A passagem de Camus pelo Recife e pelo Brasil

Autor visitou no final da década de 1949 a capital pernambucana e se impressoniou com as igrejas e o ''bomba-menboi''
Diogo Guedes
Publicado em 07/11/2013 às 5:49
Autor visitou no final da década de 1949 a capital pernambucana e se impressoniou com as igrejas e o ''bomba-menboi'' Foto: Foto: Divulgação


Até por sua imensa fama internacional, Albert Camus escreveu constantemente sobre os lugares onde esteve. Diário de viagem, com mais de 500 páginas, é um grande registro da impressão de um intelectual e seu olhar estrangeiro sobre os locais por onde passou – inclusos aí o Brasil e o Recife, durante julho de 1949. Lacônico, mordaz e sincero, o escritor francês veio ao território brasileiro para um ciclo de palestras.

A viagem começa na vinda à América do Sul, de navio, que debilitou a saúde frágil do escritor – Otto Lara Resende, que assina o prefácio do volume, comenta que Camus pensou em se matar durante o percurso. No Rio de Janeiro, primeiro ponto de passagem, Camus vai conhecer alguns dos principais escritores e intelectuais brasileiros – alguns desprezados pela sua petulância e outros imediatamente elevados ao posto de amigos. A passagem pelo País, conta Lourival Holanda, professor da UFPE, foi um desencontro: “Ele espantado com a excessiva familiaridade (“Seu Albert”); e a estupidez dos nossos tocando La vie em rose sem parar... Ele conta isso no diário. Ele guardou imagens, felizmente – que transparecem depois em dois contos seus”.

No Rio também começam as percepções sobre o Brasil. Ele se impressiona com o contraste social da “ostentação de luxo dos palácios e dos prédios modernos” e das “favelas, às vezes a cem metros do luxo, agarradas ao flanco dos morros, sem água nem luz, onde vive uma população miserável, negra e branca”. “Nunca o luxo e a miséria me pareceram tão insolentemente mesclados”, afirma. Em Caxias, no Rio, assiste um ritual de macumba – é talvez o momento mais marcante da viagem para ele, descrito em cerca de oito páginas no livro.

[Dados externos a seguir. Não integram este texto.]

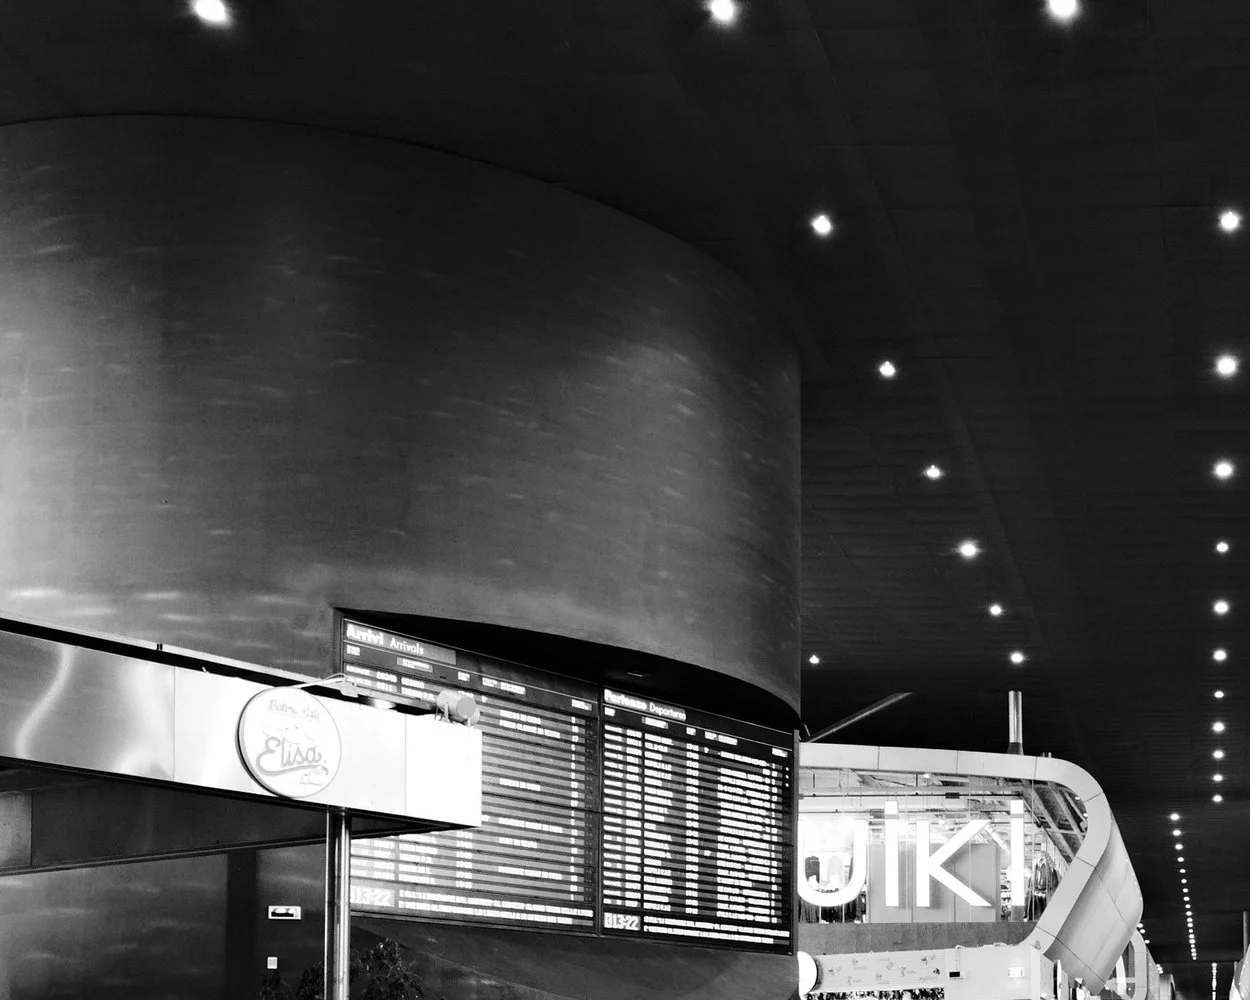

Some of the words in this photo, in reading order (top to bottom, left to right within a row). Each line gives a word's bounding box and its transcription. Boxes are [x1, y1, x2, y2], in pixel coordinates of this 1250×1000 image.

[346, 623, 384, 645] Arrivi
[389, 637, 424, 655] Arrivals
[650, 702, 686, 720] Departures

Dali, parte para Pernambuco, onde passa dois dias antes de seguir para Salvador e São Paulo. A primeira impressão do Recife foi a sensação de entrar em um território de morros vermelhos rodeados de calor. A própria alcunha que usa para a cidade, “Florença dos Trópicos”, aponta o olhar positivo da passagem: cercado de intelectuais e com uma programação exaustiva preparada para ele, visita Olinda também. Dos dois municípios, destacou “as igrejas franciscanas e os azulejos portugueses”, como lembra o professor de Letras da UFPE e secretário de Cultura de Olinda Lucilo Varejão Neto, que vai lançar um e-book sobre a passagem dele por Recife e Olinda, em parceria com o jornalista Marcus Prado.

Se os cantos e danças preparados pelos intelectuais locais soam muito artificiais, o “bomba-menboi”, como Camus escreve no diário, é “um balé grotesco, dançado por máscaras e figuras totêmicas, sobre um tema que é sempre o mesmo: a matança de um boi”. Camus vinha aqui proferir uma conferência na Faculdade de Direito do Recife, Roman et révolt, mas quase não falou no momento que lhe foi destinado – depois das apresentações dos intelectuais pernambucanos, Camus se disse cansado. A saudação de Hermilo Borba Filho, no entanto, viria a ser publicada no Jornal do Commercio, no dia 24 de julho.